The company that owns the New World and Pak'nSave supermarket chains has traced potentially contaminated bagged lettuce back to one of it suppliers in the upper North Island.
Some 127 people have been infected with yersinia pseudotuberculosis since it first appeared last month, and 38 have had to be treated in hospital.
Foodstuffs yesterday acknowledged that its products Pam's fresh express mesclun salad and Pam's fresh express lettuce might have caused an outbreak of the severe gastroenteritis bug.
But today it said the lettuce came from three of its supplier's paddocks and the nearby company that processes and packages the product is registered with a Ministry for Primary Industries food safety programme.
Foodstuffs said the suspect products had best-before dates of no later than 22 September, so none are still on its shelves.

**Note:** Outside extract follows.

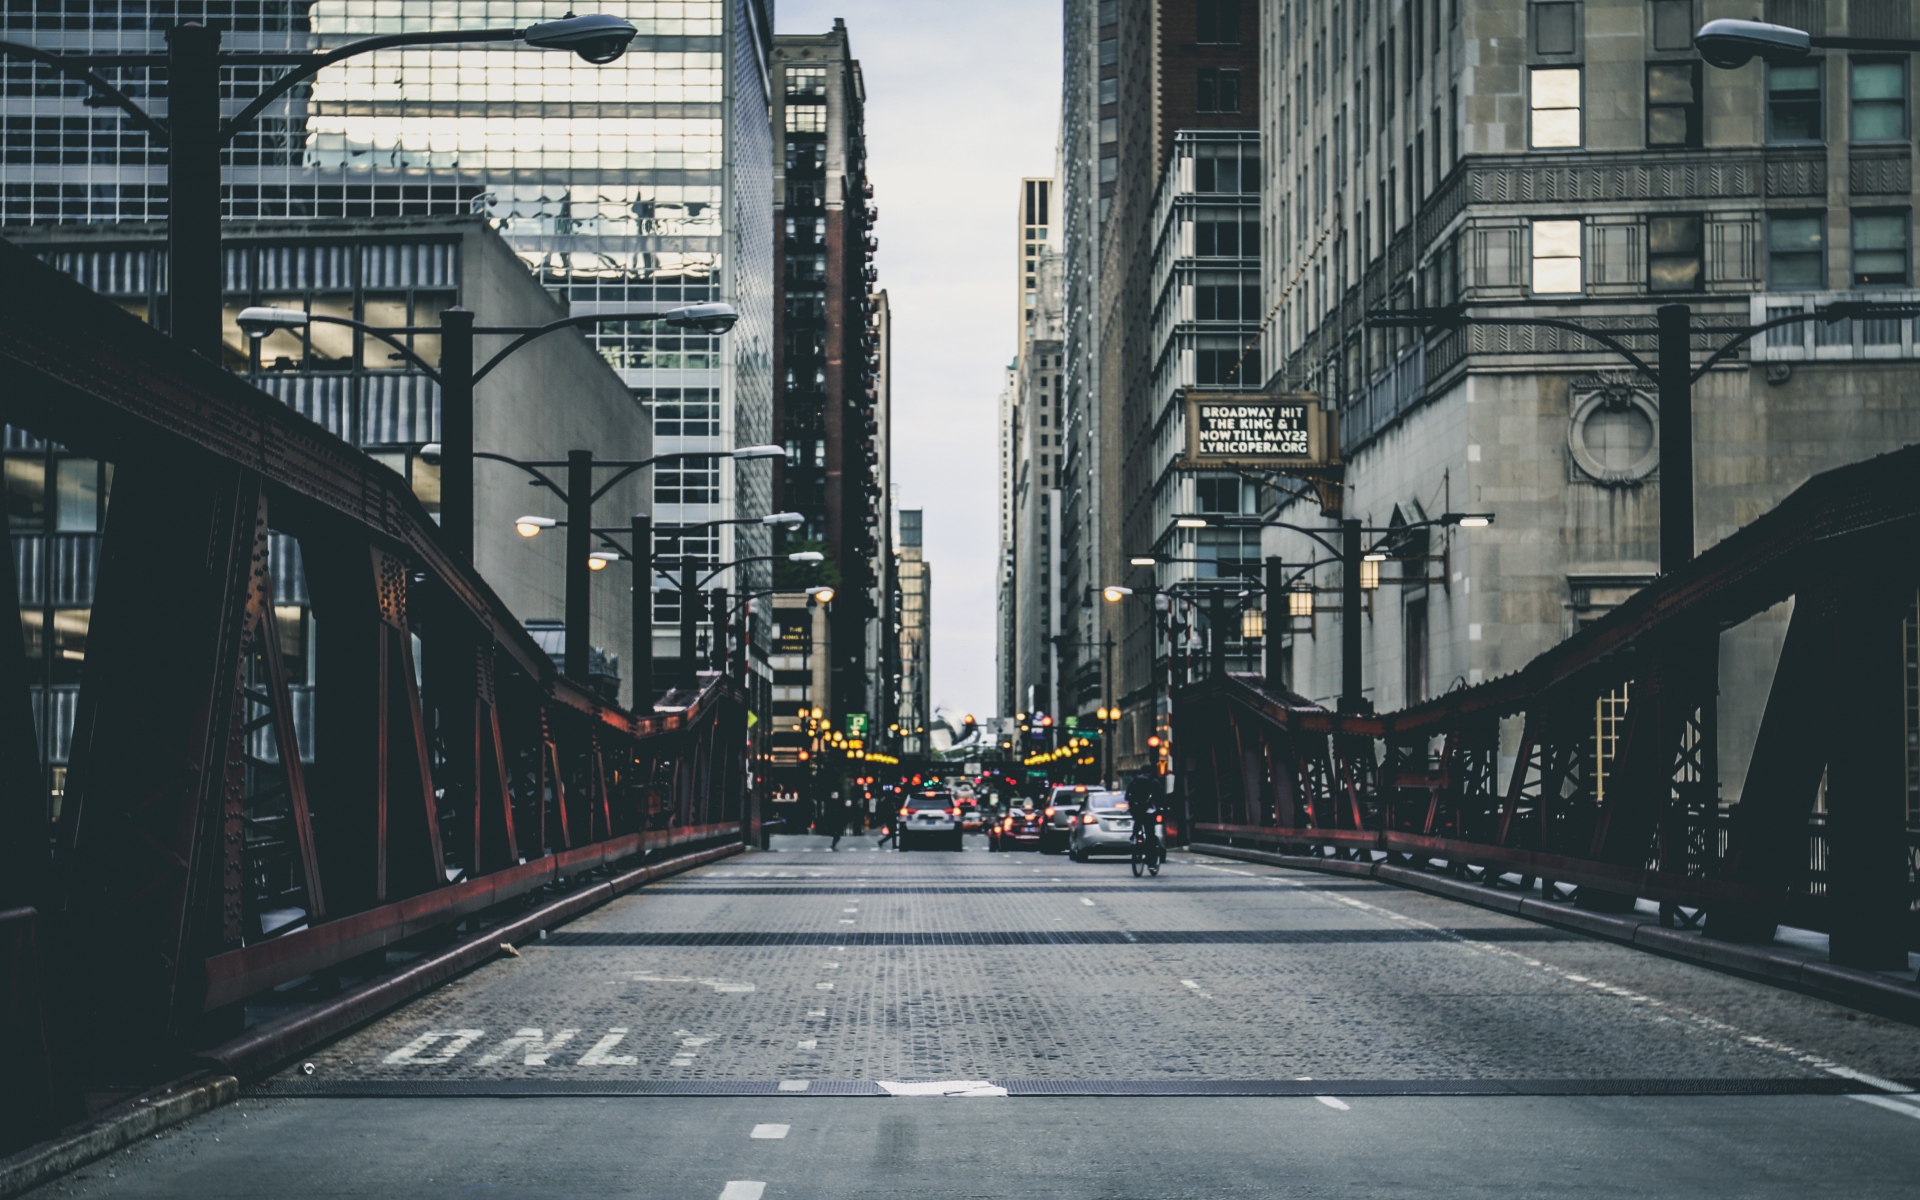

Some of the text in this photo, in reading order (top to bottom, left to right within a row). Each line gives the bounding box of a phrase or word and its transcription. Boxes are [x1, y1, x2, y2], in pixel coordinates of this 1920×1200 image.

The gastro cases have been mainly in Christchurch, Wellington and Auckland but there have also been reports of it from the Bay of Plenty, Waikato, Hawke's Bay and Otago/Southland.
Meanwhile, the Ministry for Primary Industries has faced criticism from Consumer New Zealand and doctors for not saying what products are responsible for the gastroentiritis bug.
A report on the possible source of the outbreak was completed by Government scientists a week ago, but the ministry refused to release it, saying it was speculative and based on preliminary findings.
MPI deputy-director Scott Gallacher had said there was no concrete link to any one product or supermarket chain.
Some people said they ate Foodstuffs' products before becoming sick but many more did not, Mr Gallacher said. "A higher number of people ... were highlighting products across the full range of the distribution chain."